┌────────

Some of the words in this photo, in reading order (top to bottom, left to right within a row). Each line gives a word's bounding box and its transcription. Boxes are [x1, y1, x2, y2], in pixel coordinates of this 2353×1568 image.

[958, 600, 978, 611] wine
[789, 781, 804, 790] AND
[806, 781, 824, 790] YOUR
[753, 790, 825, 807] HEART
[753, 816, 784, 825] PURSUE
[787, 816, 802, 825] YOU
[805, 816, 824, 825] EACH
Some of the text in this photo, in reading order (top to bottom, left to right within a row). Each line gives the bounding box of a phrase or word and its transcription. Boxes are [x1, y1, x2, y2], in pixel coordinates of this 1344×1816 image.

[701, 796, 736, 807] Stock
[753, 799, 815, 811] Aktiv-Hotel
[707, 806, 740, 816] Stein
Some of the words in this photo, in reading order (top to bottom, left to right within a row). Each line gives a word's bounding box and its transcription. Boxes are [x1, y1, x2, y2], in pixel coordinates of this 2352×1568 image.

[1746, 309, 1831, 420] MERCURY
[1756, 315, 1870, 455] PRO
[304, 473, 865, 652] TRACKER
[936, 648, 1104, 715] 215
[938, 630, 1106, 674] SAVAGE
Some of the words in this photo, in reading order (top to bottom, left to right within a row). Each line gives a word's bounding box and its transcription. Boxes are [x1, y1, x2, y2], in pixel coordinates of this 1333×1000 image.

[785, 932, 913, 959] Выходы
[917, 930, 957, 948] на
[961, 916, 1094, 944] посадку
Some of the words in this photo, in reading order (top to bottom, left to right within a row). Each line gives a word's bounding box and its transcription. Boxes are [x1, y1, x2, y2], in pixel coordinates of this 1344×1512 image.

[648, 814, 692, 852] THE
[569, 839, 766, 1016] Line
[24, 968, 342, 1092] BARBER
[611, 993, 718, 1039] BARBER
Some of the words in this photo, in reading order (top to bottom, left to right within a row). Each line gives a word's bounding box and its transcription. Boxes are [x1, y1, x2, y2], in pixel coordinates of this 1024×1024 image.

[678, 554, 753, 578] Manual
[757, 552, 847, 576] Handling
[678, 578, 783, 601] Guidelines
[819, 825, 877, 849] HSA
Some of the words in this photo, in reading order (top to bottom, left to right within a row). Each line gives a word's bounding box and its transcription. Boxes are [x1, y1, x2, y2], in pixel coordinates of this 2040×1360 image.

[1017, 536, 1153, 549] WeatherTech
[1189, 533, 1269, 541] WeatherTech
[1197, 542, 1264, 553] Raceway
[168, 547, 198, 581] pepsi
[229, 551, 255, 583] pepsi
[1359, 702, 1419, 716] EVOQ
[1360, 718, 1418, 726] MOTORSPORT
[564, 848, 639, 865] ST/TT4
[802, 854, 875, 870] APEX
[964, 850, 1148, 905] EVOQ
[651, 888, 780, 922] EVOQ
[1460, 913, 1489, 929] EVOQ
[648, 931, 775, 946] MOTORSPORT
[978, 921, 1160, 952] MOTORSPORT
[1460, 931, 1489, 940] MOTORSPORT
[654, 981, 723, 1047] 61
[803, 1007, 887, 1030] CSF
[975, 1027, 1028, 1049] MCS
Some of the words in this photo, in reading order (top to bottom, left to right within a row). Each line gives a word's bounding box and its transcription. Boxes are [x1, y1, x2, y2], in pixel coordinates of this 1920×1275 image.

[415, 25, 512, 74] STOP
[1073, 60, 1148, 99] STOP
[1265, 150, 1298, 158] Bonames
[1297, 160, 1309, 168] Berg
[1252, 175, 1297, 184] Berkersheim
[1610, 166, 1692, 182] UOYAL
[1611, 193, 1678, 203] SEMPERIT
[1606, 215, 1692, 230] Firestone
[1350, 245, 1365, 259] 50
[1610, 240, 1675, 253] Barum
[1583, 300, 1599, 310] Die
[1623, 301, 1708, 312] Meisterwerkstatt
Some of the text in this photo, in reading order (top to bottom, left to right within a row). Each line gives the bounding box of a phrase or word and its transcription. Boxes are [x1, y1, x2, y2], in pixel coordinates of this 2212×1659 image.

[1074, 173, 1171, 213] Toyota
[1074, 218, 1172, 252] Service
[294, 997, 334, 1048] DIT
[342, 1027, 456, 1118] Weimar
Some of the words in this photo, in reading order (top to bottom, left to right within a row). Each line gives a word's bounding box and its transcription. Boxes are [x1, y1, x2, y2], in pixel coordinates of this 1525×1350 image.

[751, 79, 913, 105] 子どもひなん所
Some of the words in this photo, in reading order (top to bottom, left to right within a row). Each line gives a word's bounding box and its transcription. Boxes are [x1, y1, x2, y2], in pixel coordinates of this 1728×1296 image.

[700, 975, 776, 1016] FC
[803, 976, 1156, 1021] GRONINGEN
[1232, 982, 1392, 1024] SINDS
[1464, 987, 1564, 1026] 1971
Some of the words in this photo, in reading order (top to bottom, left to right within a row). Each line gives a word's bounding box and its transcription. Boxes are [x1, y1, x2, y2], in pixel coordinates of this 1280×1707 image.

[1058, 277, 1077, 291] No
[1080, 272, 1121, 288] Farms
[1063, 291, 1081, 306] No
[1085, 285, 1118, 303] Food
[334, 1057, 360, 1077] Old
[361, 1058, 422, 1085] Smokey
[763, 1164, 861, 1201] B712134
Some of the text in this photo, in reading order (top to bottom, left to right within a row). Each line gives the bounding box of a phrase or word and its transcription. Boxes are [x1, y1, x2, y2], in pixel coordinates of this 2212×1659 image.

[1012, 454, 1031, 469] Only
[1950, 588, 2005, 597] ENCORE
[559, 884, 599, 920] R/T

└────────

The entries above should be copied out exactly, with none left out.

Some of the words in this photo, in reading order (top to bottom, left to right within a row). Each line gives a word's bounding box and its transcription. Boxes are [x1, y1, x2, y2], in pixel coordinates of this 2353×1568 image.

[958, 600, 978, 611] wine
[789, 781, 804, 790] AND
[806, 781, 824, 790] YOUR
[753, 790, 825, 807] HEART
[753, 816, 784, 825] PURSUE
[787, 816, 802, 825] YOU
[805, 816, 824, 825] EACH
Some of the text in this photo, in reading order (top to bottom, left to right within a row). Each line gives the bounding box of a phrase or word and its transcription. Boxes are [x1, y1, x2, y2], in pixel coordinates of this 1344×1816 image.

[701, 796, 736, 807] Stock
[753, 799, 815, 811] Aktiv-Hotel
[707, 806, 740, 816] Stein
Some of the words in this photo, in reading order (top to bottom, left to right within a row). Each line gives a word's bounding box and its transcription. Boxes are [x1, y1, x2, y2], in pixel coordinates of this 2352×1568 image.

[1746, 309, 1831, 420] MERCURY
[1756, 315, 1870, 455] PRO
[304, 473, 865, 652] TRACKER
[936, 648, 1104, 715] 215
[938, 630, 1106, 674] SAVAGE
Some of the words in this photo, in reading order (top to bottom, left to right within a row). Each line gives a word's bounding box and its transcription. Boxes are [x1, y1, x2, y2], in pixel coordinates of this 1333×1000 image.

[785, 932, 913, 959] Выходы
[917, 930, 957, 948] на
[961, 916, 1094, 944] посадку
Some of the words in this photo, in reading order (top to bottom, left to right within a row). Each line gives a word's bounding box and its transcription. Boxes are [x1, y1, x2, y2], in pixel coordinates of this 1344×1512 image.

[648, 814, 692, 852] THE
[569, 839, 766, 1016] Line
[24, 968, 342, 1092] BARBER
[611, 993, 718, 1039] BARBER
Some of the words in this photo, in reading order (top to bottom, left to right within a row). Each line gives a word's bounding box and its transcription. Boxes are [x1, y1, x2, y2], in pixel coordinates of this 1024×1024 image.

[678, 554, 753, 578] Manual
[757, 552, 847, 576] Handling
[678, 578, 783, 601] Guidelines
[819, 825, 877, 849] HSA
Some of the words in this photo, in reading order (top to bottom, left to right within a row). Each line gives a word's bounding box and its transcription. Boxes are [x1, y1, x2, y2], in pixel coordinates of this 2040×1360 image.

[1017, 536, 1153, 549] WeatherTech
[1189, 533, 1269, 541] WeatherTech
[1197, 542, 1264, 553] Raceway
[168, 547, 198, 581] pepsi
[229, 551, 255, 583] pepsi
[1359, 702, 1419, 716] EVOQ
[1360, 718, 1418, 726] MOTORSPORT
[564, 848, 639, 865] ST/TT4
[802, 854, 875, 870] APEX
[964, 850, 1148, 905] EVOQ
[651, 888, 780, 922] EVOQ
[1460, 913, 1489, 929] EVOQ
[648, 931, 775, 946] MOTORSPORT
[978, 921, 1160, 952] MOTORSPORT
[1460, 931, 1489, 940] MOTORSPORT
[654, 981, 723, 1047] 61
[803, 1007, 887, 1030] CSF
[975, 1027, 1028, 1049] MCS
Some of the words in this photo, in reading order (top to bottom, left to right within a row). Each line gives a word's bounding box and its transcription. Boxes are [x1, y1, x2, y2], in pixel coordinates of this 1920×1275 image.

[415, 25, 512, 74] STOP
[1073, 60, 1148, 99] STOP
[1265, 150, 1298, 158] Bonames
[1297, 160, 1309, 168] Berg
[1252, 175, 1297, 184] Berkersheim
[1610, 166, 1692, 182] UOYAL
[1611, 193, 1678, 203] SEMPERIT
[1606, 215, 1692, 230] Firestone
[1350, 245, 1365, 259] 50
[1610, 240, 1675, 253] Barum
[1583, 300, 1599, 310] Die
[1623, 301, 1708, 312] Meisterwerkstatt
Some of the text in this photo, in reading order (top to bottom, left to right within a row). Each line gives the bounding box of a phrase or word and its transcription. Boxes are [x1, y1, x2, y2], in pixel coordinates of this 2212×1659 image.

[1074, 173, 1171, 213] Toyota
[1074, 218, 1172, 252] Service
[294, 997, 334, 1048] DIT
[342, 1027, 456, 1118] Weimar
Some of the words in this photo, in reading order (top to bottom, left to right within a row). Each line gives a word's bounding box and its transcription. Boxes are [x1, y1, x2, y2], in pixel coordinates of this 1525×1350 image.

[751, 79, 913, 105] 子どもひなん所
Some of the words in this photo, in reading order (top to bottom, left to right within a row). Each line gives a word's bounding box and its transcription. Boxes are [x1, y1, x2, y2], in pixel coordinates of this 1728×1296 image.

[700, 975, 776, 1016] FC
[803, 976, 1156, 1021] GRONINGEN
[1232, 982, 1392, 1024] SINDS
[1464, 987, 1564, 1026] 1971
Some of the words in this photo, in reading order (top to bottom, left to right within a row). Each line gives a word's bounding box and its transcription. Boxes are [x1, y1, x2, y2], in pixel coordinates of this 1280×1707 image.

[1058, 277, 1077, 291] No
[1080, 272, 1121, 288] Farms
[1063, 291, 1081, 306] No
[1085, 285, 1118, 303] Food
[334, 1057, 360, 1077] Old
[361, 1058, 422, 1085] Smokey
[763, 1164, 861, 1201] B712134
Some of the text in this photo, in reading order (top to bottom, left to right within a row). Each line gives the bounding box of a phrase or word and its transcription. Boxes are [x1, y1, x2, y2], in pixel coordinates of this 2212×1659 image.

[1012, 454, 1031, 469] Only
[1950, 588, 2005, 597] ENCORE
[559, 884, 599, 920] R/T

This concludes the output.